TASK STATEMENT: Each line of the material must be reproduced exactly; pictures stay out.

DATA:
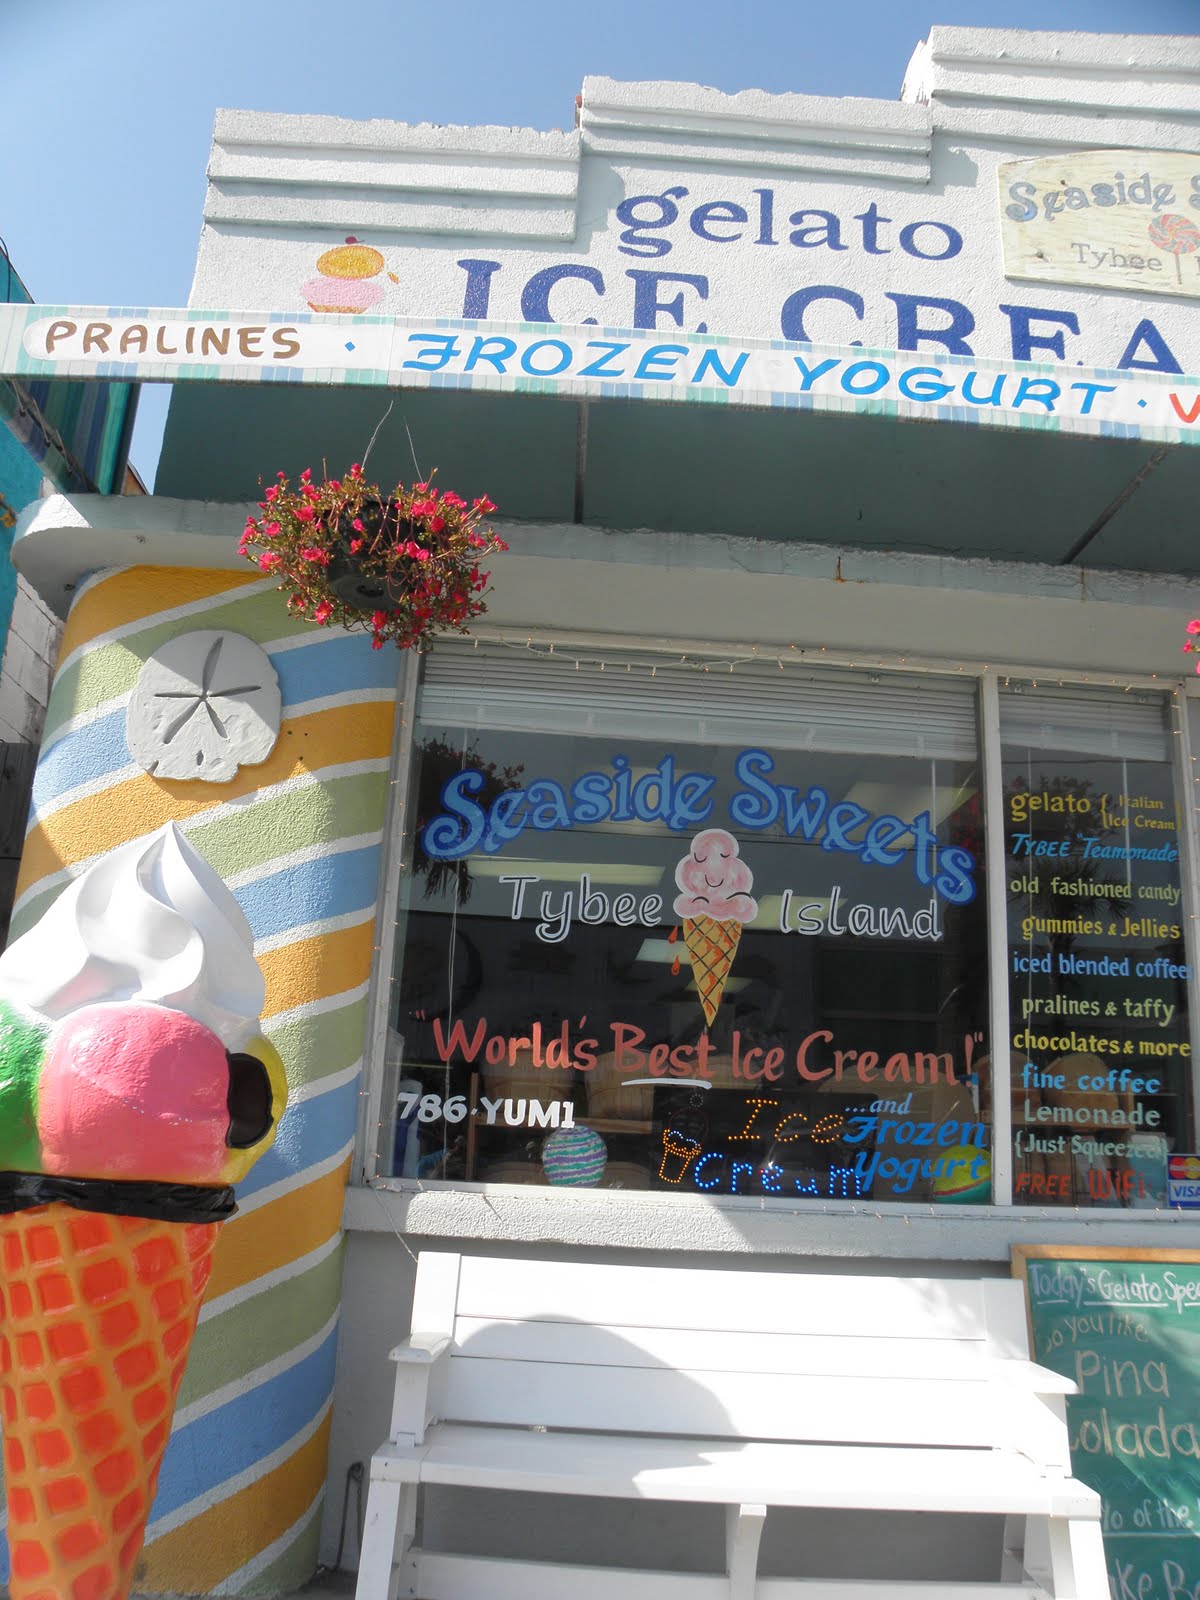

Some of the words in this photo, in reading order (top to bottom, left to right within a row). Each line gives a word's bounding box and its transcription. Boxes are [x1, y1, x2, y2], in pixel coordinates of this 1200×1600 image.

[1005, 172, 1176, 221] Seaside
[616, 186, 964, 260] gelato
[1071, 242, 1163, 272] Tybee
[457, 258, 710, 334] ICE
[45, 320, 301, 360] PRALINES
[402, 333, 751, 387] FROZEN
[793, 356, 1118, 415] YOGURT
[1010, 792, 1092, 822] gelato
[1119, 794, 1164, 810] Italian
[1134, 815, 1176, 831] Cream
[420, 752, 717, 861] Seaside
[731, 748, 977, 907] Sweets
[1010, 875, 1040, 894] old
[1050, 876, 1132, 899] fashioned
[1138, 883, 1182, 906] candy
[499, 873, 664, 943] Tybee
[779, 887, 944, 942] Island
[1021, 915, 1103, 941] gummies
[1120, 917, 1182, 939] Jellies
[1013, 951, 1052, 973] iced
[1058, 953, 1130, 977] blended
[1022, 995, 1100, 1019] pralines
[1104, 1002, 1118, 1016] &
[1123, 998, 1175, 1027] taffy
[610, 1021, 717, 1079] Best
[731, 1030, 785, 1082] Ice
[1013, 1028, 1120, 1054] chocolates
[1139, 1040, 1192, 1057] more
[1020, 1062, 1066, 1090] fine
[1077, 1069, 1162, 1094] coffee
[727, 1098, 845, 1143] Ice
[1024, 1098, 1161, 1127] Lemonade
[842, 1116, 987, 1149] Frozen
[853, 1151, 987, 1194] Yogurt
[1015, 1172, 1072, 1197] FREE
[1088, 1168, 1146, 1200] WiFi
[1028, 1263, 1096, 1309] Today's
[1098, 1269, 1162, 1302] Gelato
[1064, 1313, 1104, 1344] you
[1108, 1312, 1149, 1343] like
[1075, 1350, 1170, 1398] Pina
[1069, 1407, 1200, 1460] olada
[1133, 1498, 1154, 1528] of
[1157, 1498, 1194, 1529] the
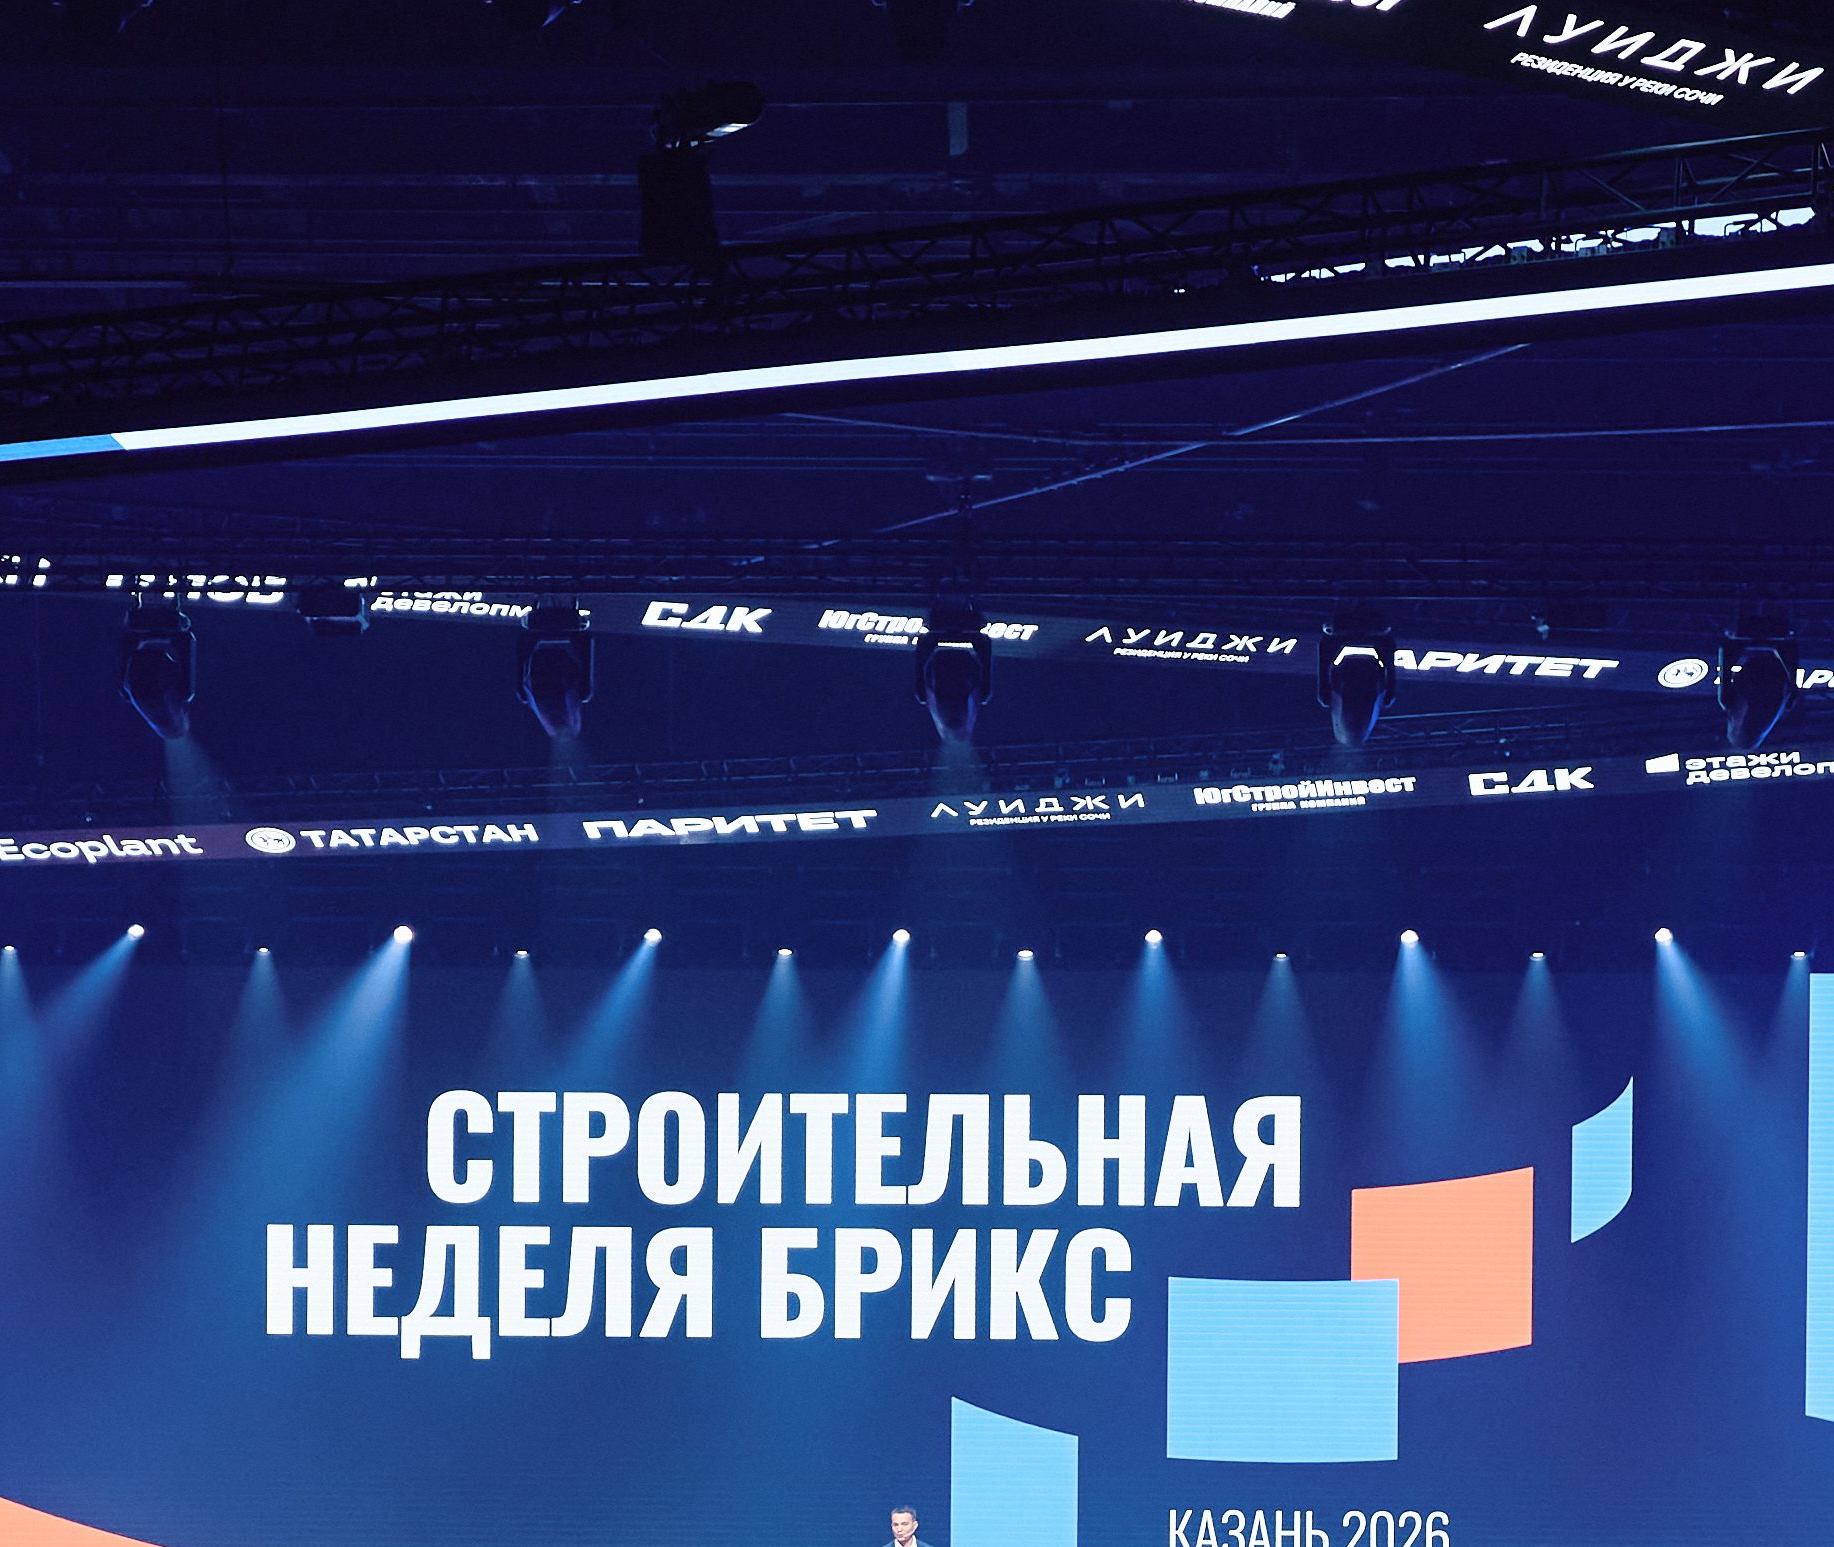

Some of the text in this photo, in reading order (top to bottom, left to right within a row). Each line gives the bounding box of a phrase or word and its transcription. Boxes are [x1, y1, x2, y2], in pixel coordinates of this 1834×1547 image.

RESPONSE BELOW:
Some of the words in this photo, in reading order (top to bottom, left to right within a row). Each line gives a word's bounding box and its transcription. Boxes are [x1, y1, x2, y2], in pixel coordinates of this 1200×1600 image.

[1005, 172, 1176, 221] Seaside
[616, 186, 964, 260] gelato
[1071, 242, 1163, 272] Tybee
[457, 258, 710, 334] ICE
[45, 320, 301, 360] PRALINES
[402, 333, 751, 387] FROZEN
[793, 356, 1118, 415] YOGURT
[1010, 792, 1092, 822] gelato
[1119, 794, 1164, 810] Italian
[1134, 815, 1176, 831] Cream
[420, 752, 717, 861] Seaside
[731, 748, 977, 907] Sweets
[1010, 875, 1040, 894] old
[1050, 876, 1132, 899] fashioned
[1138, 883, 1182, 906] candy
[499, 873, 664, 943] Tybee
[779, 887, 944, 942] Island
[1021, 915, 1103, 941] gummies
[1120, 917, 1182, 939] Jellies
[1013, 951, 1052, 973] iced
[1058, 953, 1130, 977] blended
[1022, 995, 1100, 1019] pralines
[1104, 1002, 1118, 1016] &
[1123, 998, 1175, 1027] taffy
[610, 1021, 717, 1079] Best
[731, 1030, 785, 1082] Ice
[1013, 1028, 1120, 1054] chocolates
[1139, 1040, 1192, 1057] more
[1020, 1062, 1066, 1090] fine
[1077, 1069, 1162, 1094] coffee
[727, 1098, 845, 1143] Ice
[1024, 1098, 1161, 1127] Lemonade
[842, 1116, 987, 1149] Frozen
[853, 1151, 987, 1194] Yogurt
[1015, 1172, 1072, 1197] FREE
[1088, 1168, 1146, 1200] WiFi
[1028, 1263, 1096, 1309] Today's
[1098, 1269, 1162, 1302] Gelato
[1064, 1313, 1104, 1344] you
[1108, 1312, 1149, 1343] like
[1075, 1350, 1170, 1398] Pina
[1069, 1407, 1200, 1460] olada
[1133, 1498, 1154, 1528] of
[1157, 1498, 1194, 1529] the

Some of the text in this photo, in reading order (top to bottom, left to right within a row). Each line gives the bounding box of a phrase or word and its transcription. Boxes are [x1, y1, x2, y2], in pixel coordinates of this 1834×1547 image.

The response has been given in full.